Made two years before Toru Takemitsu’s untimely death in 1996, Music for the Movies: Toru Takemitsu is the final volume in the quartet of composer documentaries produced in the 1990s and released on DVD in the fall of 2007 by Kultur, and alongside the previously reviewed Bernard Herrmann doc, Charlotte Zwerin’s film is the most concise yet personable portrait of a genuine artist whose career easily could’ve continued for many more years in the concert and film worlds.

Takemitsu wasn’t prolific, and that’s perhaps partly due to his devoting time to concert works, and his very picky nature in choosing a film: it simply had to move him in some way.

Whether it was for the rare project outside of Japan or another score for one of several filmmakers with which he enjoyed long if not fruitful associations – Akira Kurosawa, Nagisa Oshima, Masahiro Shinoda, and Hiroshi Teshigahara – Takemitsu could recognize from an early screening of coarse rushes whether a project was worth the effort.

He never seemed to be an artist who took film work for extra income; a quick scan of his fairly modest filmography reveals films that were frequently strong social commentaries on Japanese issues rarely depicted or addressed in movies.

Zwerin’s direction is very simple and concise, and in her past work she’s focused her camera lens on subjects in very personable moments of reflection – qualities redolent of her association with Albert and David Maysles as co-director on Salesman (1968), Gimme Shelter (1970),Running Fence (1978), or as their editor on the brothers’ early shorts, A Visit with Truman Capote and the infamous Meet Marlon Brando (both 1966).

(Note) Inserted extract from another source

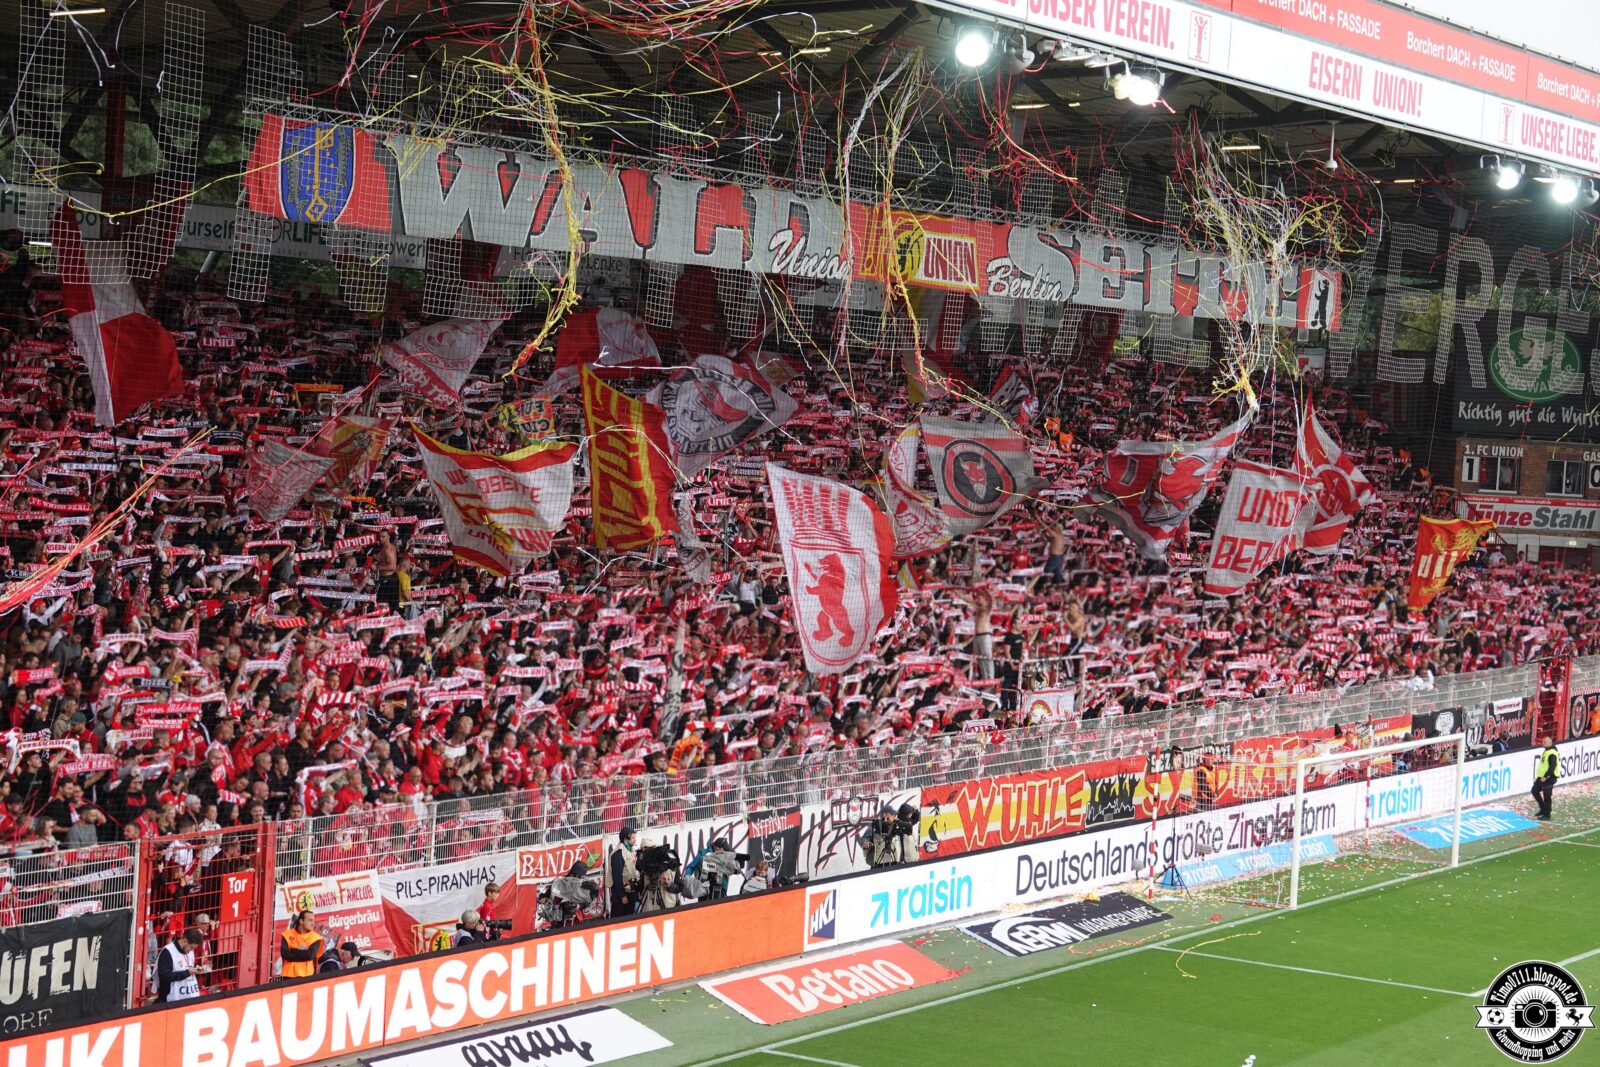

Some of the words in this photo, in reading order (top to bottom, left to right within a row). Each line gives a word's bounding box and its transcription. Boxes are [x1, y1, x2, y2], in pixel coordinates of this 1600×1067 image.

Her final work, which included Thelonious Monk: Straight, No Chaser(1988) and Ella Fitzgerald: Something to Live For (1999) dealt with musicians and composers, and in both films Zwerin drew from archival sources and current interviews and distilled the bare essentials of what made each subject unique within his/her idiom.

Takemitsu deals exclusively with the composer’s film work, and contains many film clips that address his peculiar obsession to create natural sounds using a musician’s performance techniques, engineering tweaks, and sometimes focusing only on specific sound effects performed, recorded, and edited into sharp musical statements. “Every single sound can be film music,” says the composer, and he describes his approach as being evocative of the design for the circular, spiraling pathways within a Japanese garden: it’s a journey that emphasizes the sound, images, and textures of natural living things, which in film dramas include the performances and emotions and themes of some very obsessive directors.

The film extracts span seminal works within Japan’s New Wave movement –Woman of the Dunes (1964) figures most prominently, as do other works by Teshigahara – and they illustrate how Takemitsu scored power struggles, paranoia, and fractured family relations, plus the two big subjects that often dominate his work: murder and suicide.

He’s admits to being baffled as to how he got pigeon-holed as one of the primary composers for these heavy, dour subjects, but Takemitsu also confesses an attraction to the eroticism that can be portrayed in films.Woman of the Dunes is erotic, but Takemitsu’s music is the farthest approach to such subject matter when compared to the standard Hollywood style.

Indeed, Takemitsu feels he may have been the first composer to feature Japanese instruments and musical concepts from his culture when many Japanese film composers emulated the western style of American and European composers. One gets a sense this remained an ongoing battle, as his original pitch to score Kurosawa’s Ran with human voices was ultimately nixed in favour of Mahler (which he regards, years later, as a good choice, but less risky and appropriate than the vocal approach originally vetted by the director).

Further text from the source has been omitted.